Festival Film: Quo Vadis, Aida

 

 

 

 

This powerful film from Bosnian director Jasmila Zbanic is woven around the horrific massacre of the male population of Srebenica on July 11, 1995, at the height of the Bosnian war.

That day, after two years of siege, heavily armed Serbian soldiers overrun the small town, outgunning the United Nations troops protecting its 30,000 inhabitants.

As the catastrophe unfolds, the Dutch-speaking UN representatives try in vain to reach their superiors to call for the promised air strikes.

Aida (Jasna Juricic), a former schoolteacher working as a translator for the UN staff, runs around the UN compound relaying messages to the bewildered people.

 

 

As bombs hit the town we see her husband (Izudin Bajrovic) and two teenage sons (Boris Ler and Dino Bajrovic) grabbing a few possessions as they abandon their home.

Cinamatographer Christine Maie captures poignant scenes of masses of desperate people racing through the streets in search of safety.

But where can they go? Thousands pour into the UN compound until the barrier goes down. There is no more for any more.

An aerial view shows a sea of people stretching into the distance, waiting outside for hour on hour, with little food or water, no toilet facilities – a heart-breaking depiction of helpless refugees hoping for some safe haven.

Aida, with her blue UN lanyard around her neck, knows she can leave with the rest of the UN staff but she is determined to save her husband and her boys.

 

 

We see her running frantically through the compound, finding places to hide them, bending rules, begging her superiors to add their names to the UN list.

The UN leaders are clearly inadequate to cope with the crisis. They give in to the demands of the Serb leader, General Ratko Mladic (Boris Isakovic), and let him and his armed soldiers inside the UN compound.

Mladic tries to reassure the crowd, distributing some food and water and promising them buses will take them to a safe place.

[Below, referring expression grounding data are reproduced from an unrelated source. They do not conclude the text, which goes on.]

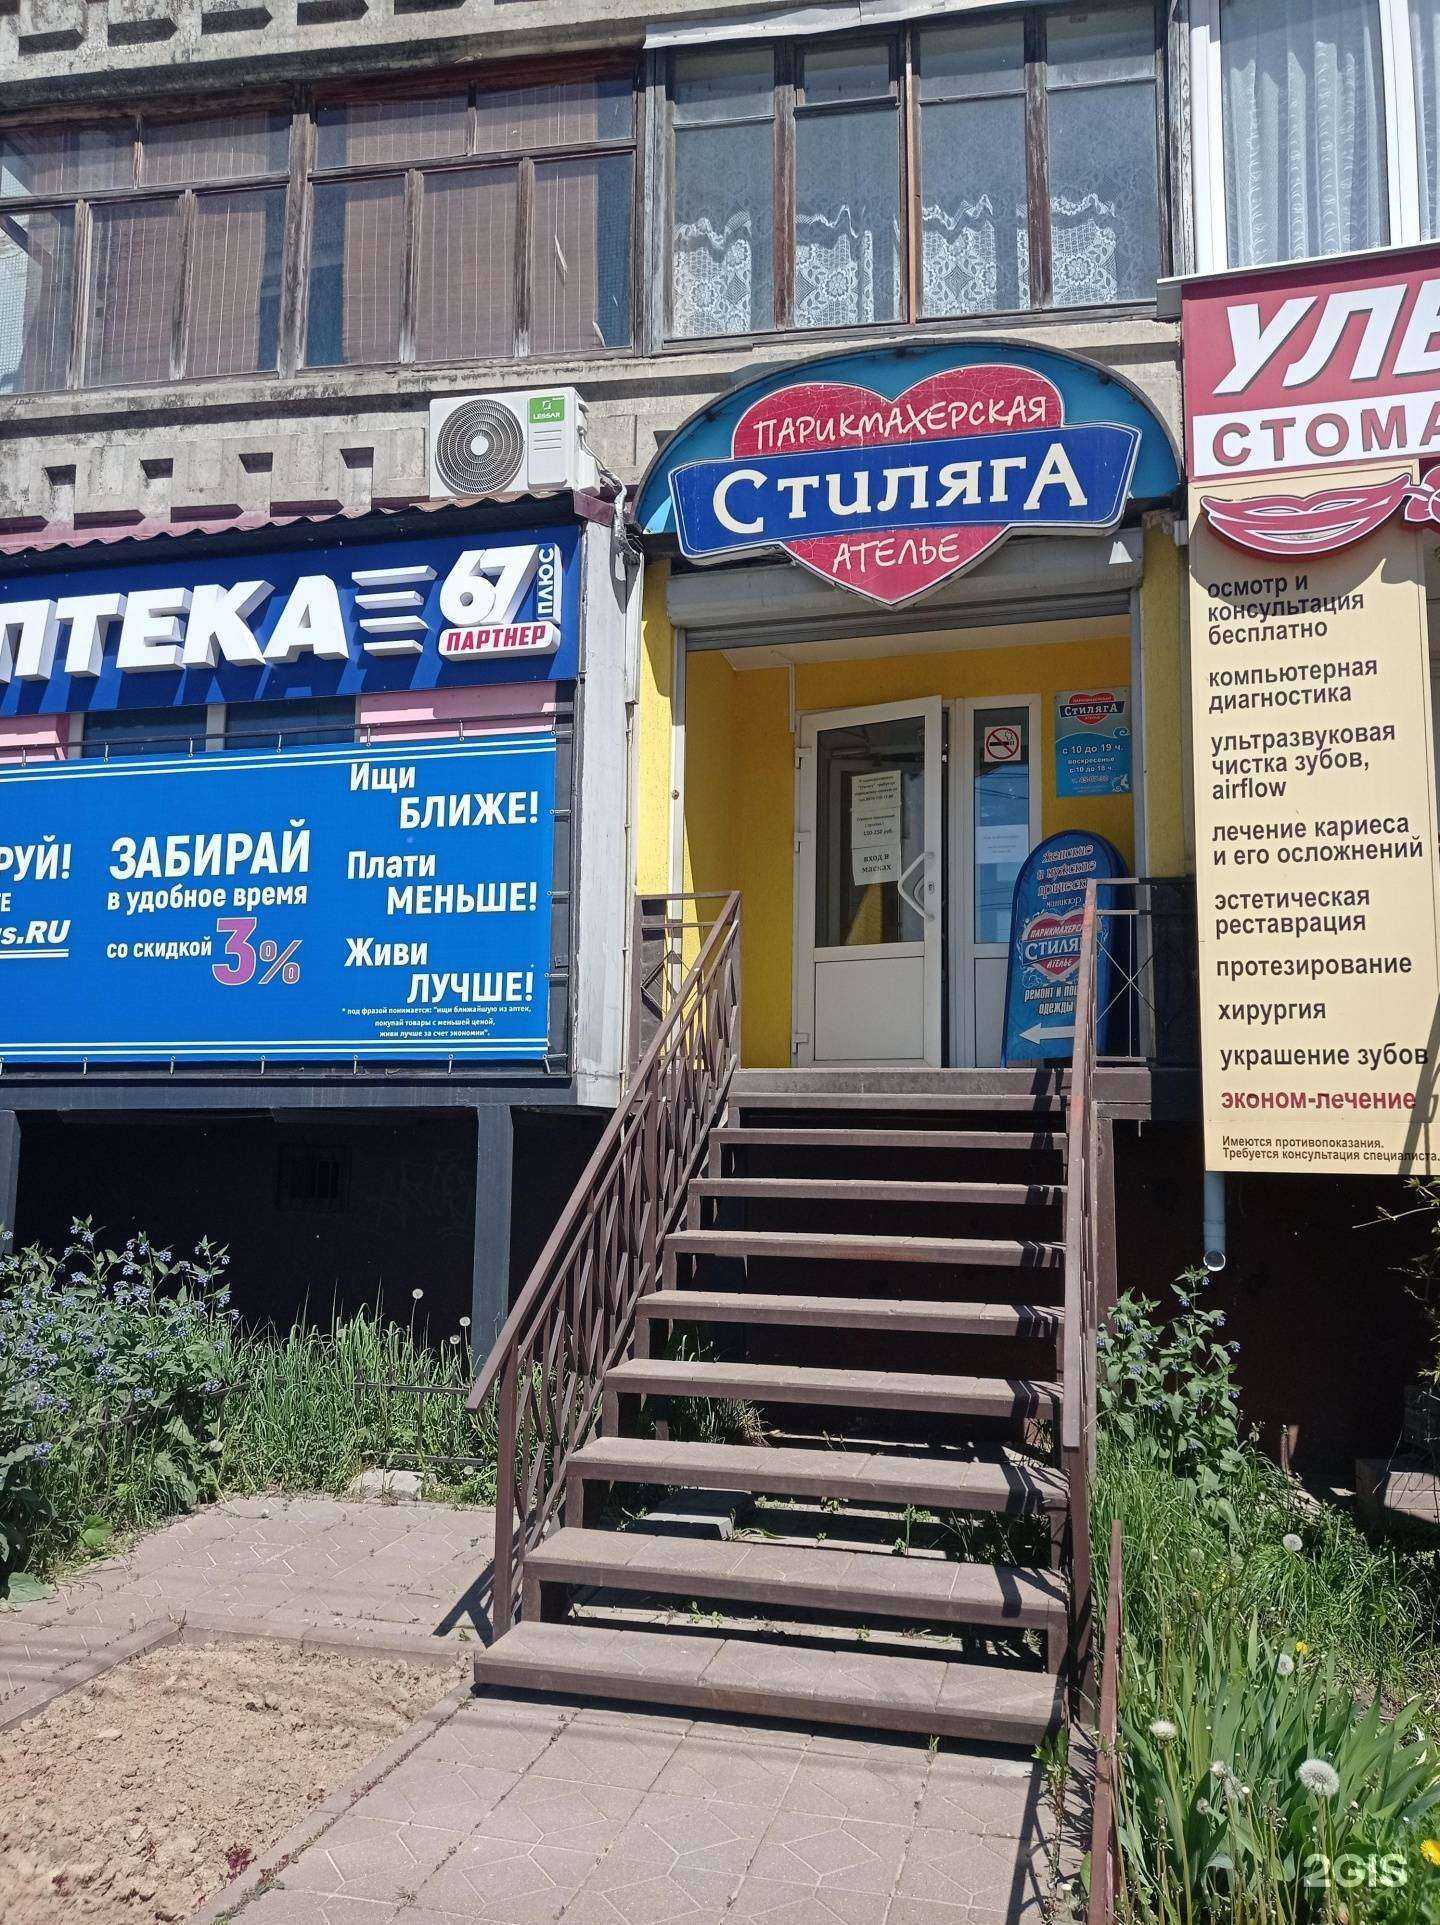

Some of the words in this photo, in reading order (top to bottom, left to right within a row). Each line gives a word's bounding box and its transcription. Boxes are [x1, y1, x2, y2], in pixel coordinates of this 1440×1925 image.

[533, 412, 561, 420] LESSAR
[752, 395, 1048, 451] ПАРИКМАХЕРСКАЯ
[833, 534, 960, 575] АТЕЛЬЕ
[440, 544, 539, 629] 67
[537, 547, 555, 616] ПЛЮС
[1208, 577, 1288, 598] осмотр
[1295, 575, 1308, 591] и
[1208, 593, 1364, 623] консультация
[446, 625, 546, 652] ПАРТНЕР
[1208, 621, 1328, 646] бесплатно
[1209, 659, 1378, 688] компьютерная
[1208, 685, 1352, 714] диагностика
[1071, 746, 1082, 754] 10
[1085, 746, 1098, 755] до
[1101, 744, 1112, 752] 19
[1211, 724, 1396, 757] ультразвуковая
[1212, 755, 1288, 775] чистка
[1295, 748, 1369, 776] зубов,
[350, 762, 416, 794] Ищи
[1212, 778, 1287, 800] airflow
[400, 791, 538, 829] БЛИЖЕ!
[1212, 821, 1307, 842] лечение
[1315, 816, 1409, 841] кариеса
[109, 818, 311, 881] ЗАБИРАЙ
[1213, 850, 1226, 866] и
[1234, 848, 1270, 865] его
[1277, 836, 1423, 863] осложнений
[347, 850, 436, 879] Плати
[107, 891, 120, 911] в
[126, 883, 227, 916] удобное
[233, 885, 308, 912] время
[387, 882, 537, 915] МЕНЬШЕ!
[1214, 887, 1371, 911] эстетическая
[0, 919, 72, 945] s.RU
[1030, 923, 1083, 938] ПАРИКМАХЕРС
[1215, 913, 1366, 939] реставрация
[106, 941, 129, 959] со
[133, 936, 212, 960] скидкой
[211, 916, 303, 986] 3%
[344, 938, 428, 968] Живи
[1024, 937, 1081, 961] СТИЛЯ
[1216, 955, 1412, 981] протезирование
[406, 971, 534, 1004] ЛУЧШЕ!
[347, 1008, 361, 1016] под
[361, 1006, 387, 1016] фразой
[388, 1006, 433, 1015] понимается:
[453, 1005, 498, 1015] ближайшую
[498, 1005, 508, 1013] из
[508, 1005, 532, 1014] аптек,
[374, 1018, 404, 1028] покупай
[405, 1019, 431, 1027] товары
[437, 1018, 470, 1026] меньшей
[471, 1018, 496, 1027] ценой,
[1218, 1001, 1327, 1025] хирургия
[400, 1031, 424, 1039] лучше
[1220, 1046, 1350, 1070] украшение
[1357, 1042, 1429, 1070] зубов
[1221, 1090, 1417, 1109] эконом-лечение
[1222, 1135, 1272, 1148] Имеются
[1275, 1138, 1384, 1149] противопоказания.
[1223, 1147, 1279, 1161] Требуется
[1282, 1150, 1360, 1162] консультация
[1363, 1151, 1440, 1162] специалиста.

Tension mounts as he tells them: Only women and children in the buses.

 

 

What about the men?

There are hysterical scenes as the men and boys are taken away. Later it emerges that that more than 8000 have been slaughtered in cold blood.

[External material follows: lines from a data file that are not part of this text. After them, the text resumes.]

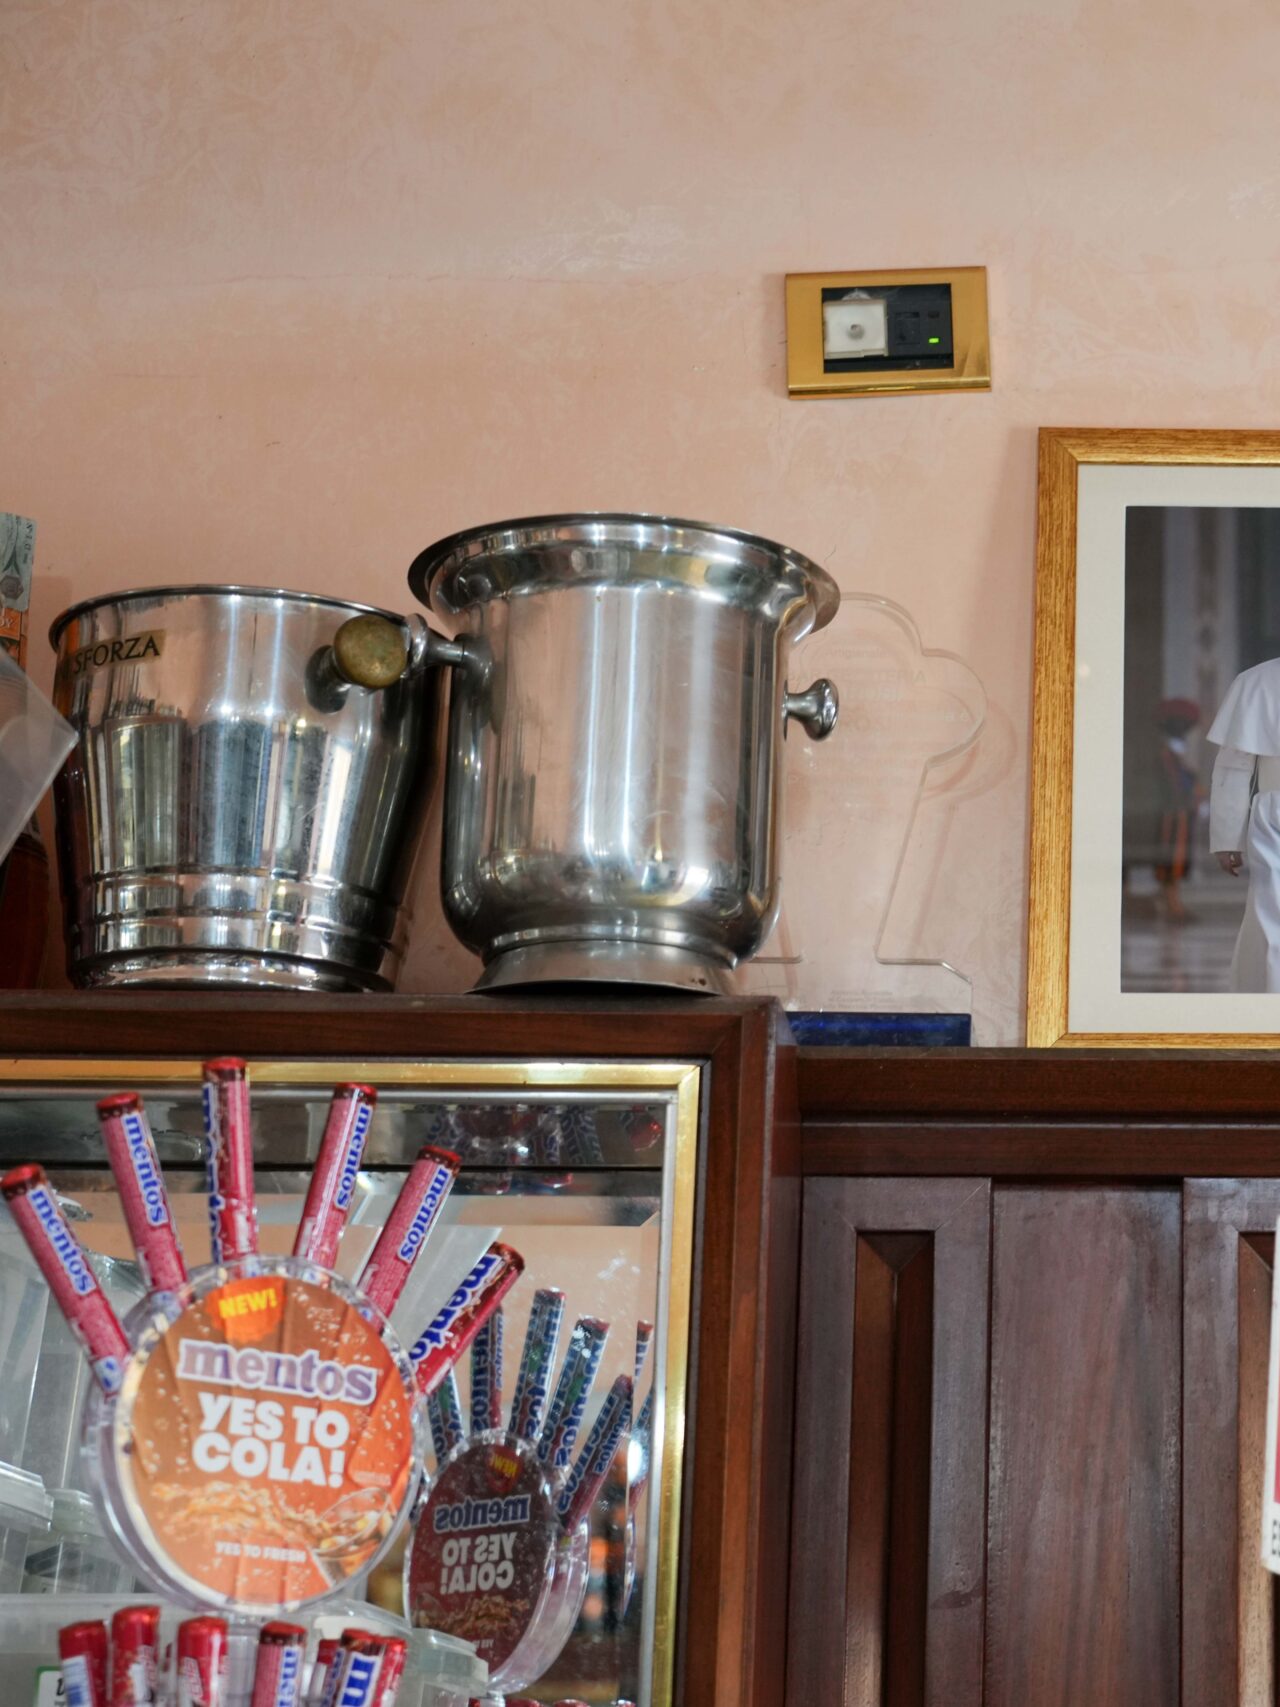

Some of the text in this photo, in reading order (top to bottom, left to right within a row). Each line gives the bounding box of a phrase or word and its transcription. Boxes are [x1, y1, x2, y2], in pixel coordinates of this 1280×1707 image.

[74, 634, 160, 674] SFORZA
[120, 1111, 169, 1227] mentos
[334, 1102, 373, 1211] mentos
[26, 1184, 97, 1296] mentos
[398, 1164, 452, 1266] mentos
[218, 1288, 278, 1319] NEW!
[406, 1253, 502, 1365] mento
[178, 1339, 376, 1405] mentos
[198, 1392, 350, 1449] YES TO
[192, 1432, 346, 1489] COLA!
[215, 1541, 306, 1563] YES TO FRESH

Writer-director Zbanic, herself a survivor of the war (in her late teens she lived through the three-year siege of Sarajevo), says the story of the Srebenica genocide has always haunted her.

“We were driven by the need to tell this story,” she says.

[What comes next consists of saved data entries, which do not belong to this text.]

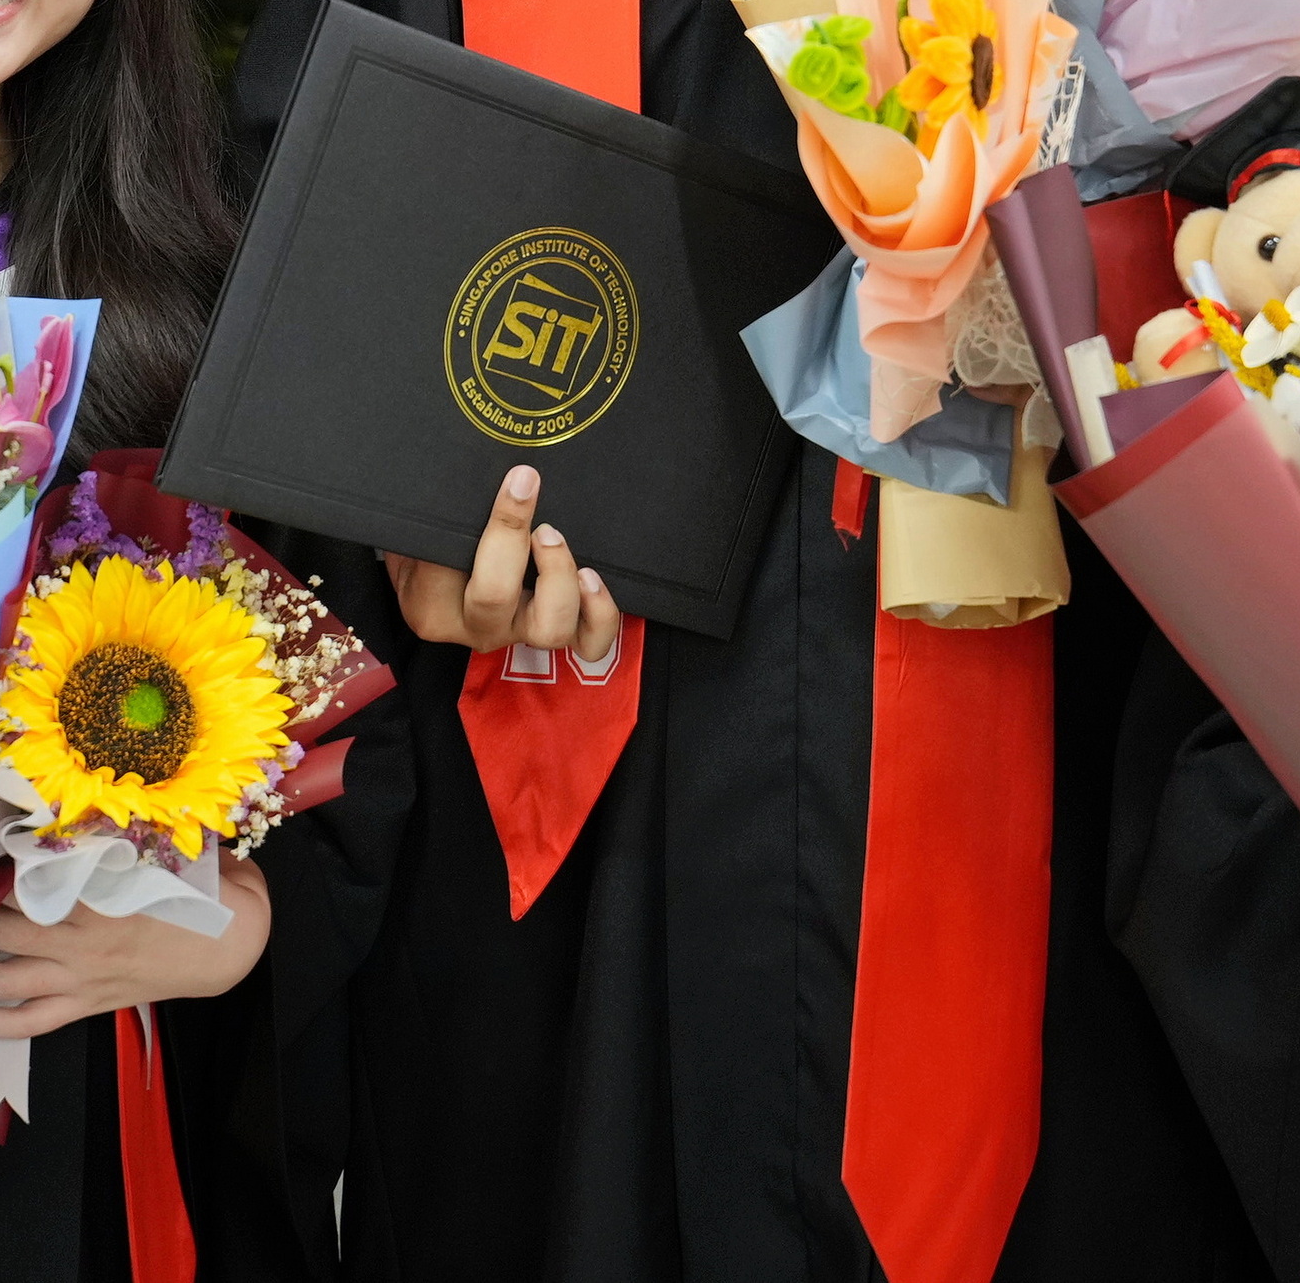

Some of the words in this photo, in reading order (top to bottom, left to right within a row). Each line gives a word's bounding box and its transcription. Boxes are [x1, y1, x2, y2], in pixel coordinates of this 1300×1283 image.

[461, 248, 519, 327] SINGAPORE
[521, 239, 590, 260] INSTITUTE
[589, 254, 608, 273] OF
[603, 270, 629, 375] TECHNOLOGY
[461, 376, 533, 435] Established
[537, 410, 575, 435] 2009

“It is a story not only about Bosnians but about human beings and how we behave towards each other when we are unleashed from morality.”

 

 

Quo Vadis, Aida was nominated for Best International Feature Film in the 2021 Academy Awards (it was beaten by the Danish comedy Another Round).

Ratko Mladic is serving a life sentence for genocide and crimes against humanity.

Quo Vadis, Aida is showing at UWA’s Somerville Auditorium until Sunday, January 16, as part of the Perth Festival LotteryWest film season.